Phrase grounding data
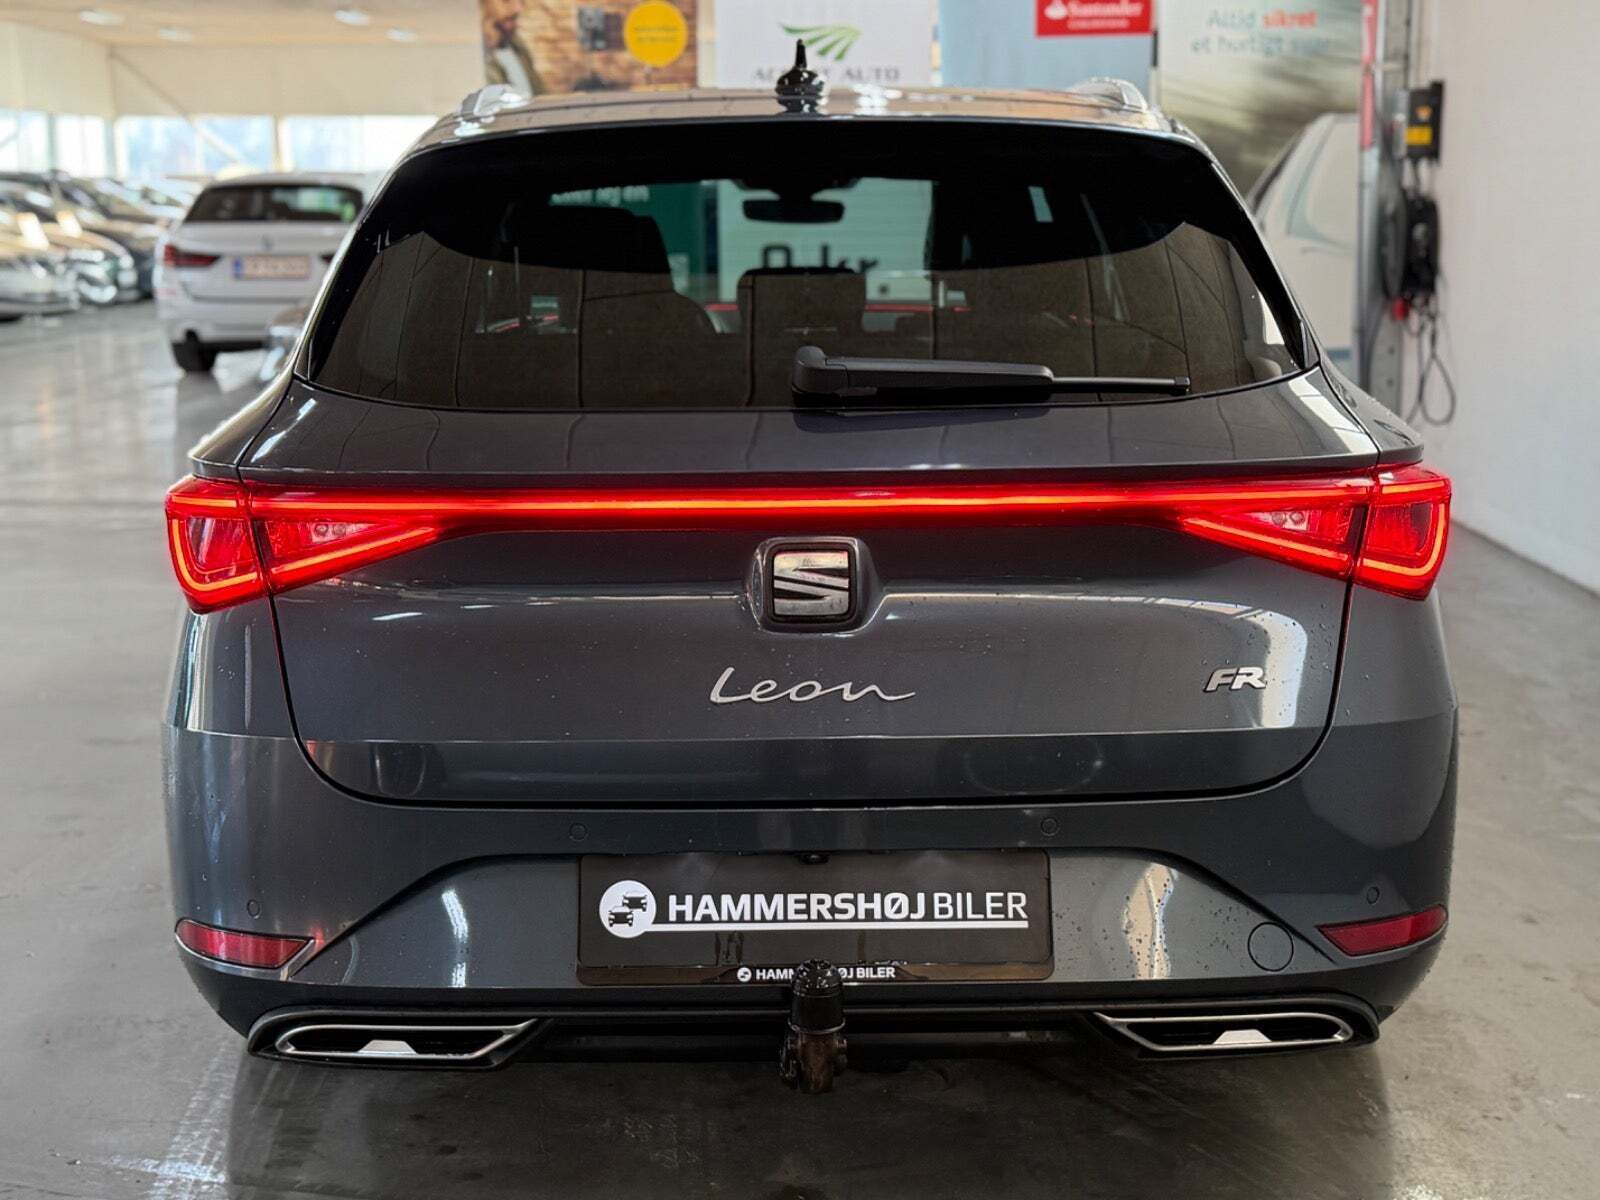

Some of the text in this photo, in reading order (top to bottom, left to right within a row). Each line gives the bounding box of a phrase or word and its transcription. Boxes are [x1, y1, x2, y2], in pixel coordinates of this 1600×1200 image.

[710, 666, 916, 703] Leon
[1203, 667, 1266, 692] FR
[668, 892, 1029, 922] HAMMERSHØJ BILER
[856, 966, 896, 979] BILER

What is being asked: Repeat the entries exactly. Any picture is to be left out.

Task output:
Some of the text in this photo, in reading order (top to bottom, left to right within a row). Each line gives the bounding box of a phrase or word and its transcription. Boxes are [x1, y1, x2, y2], in pixel coordinates of this 1600×1200 image.

[710, 666, 916, 703] Leon
[1203, 667, 1266, 692] FR
[668, 892, 1029, 922] HAMMERSHØJ BILER
[856, 966, 896, 979] BILER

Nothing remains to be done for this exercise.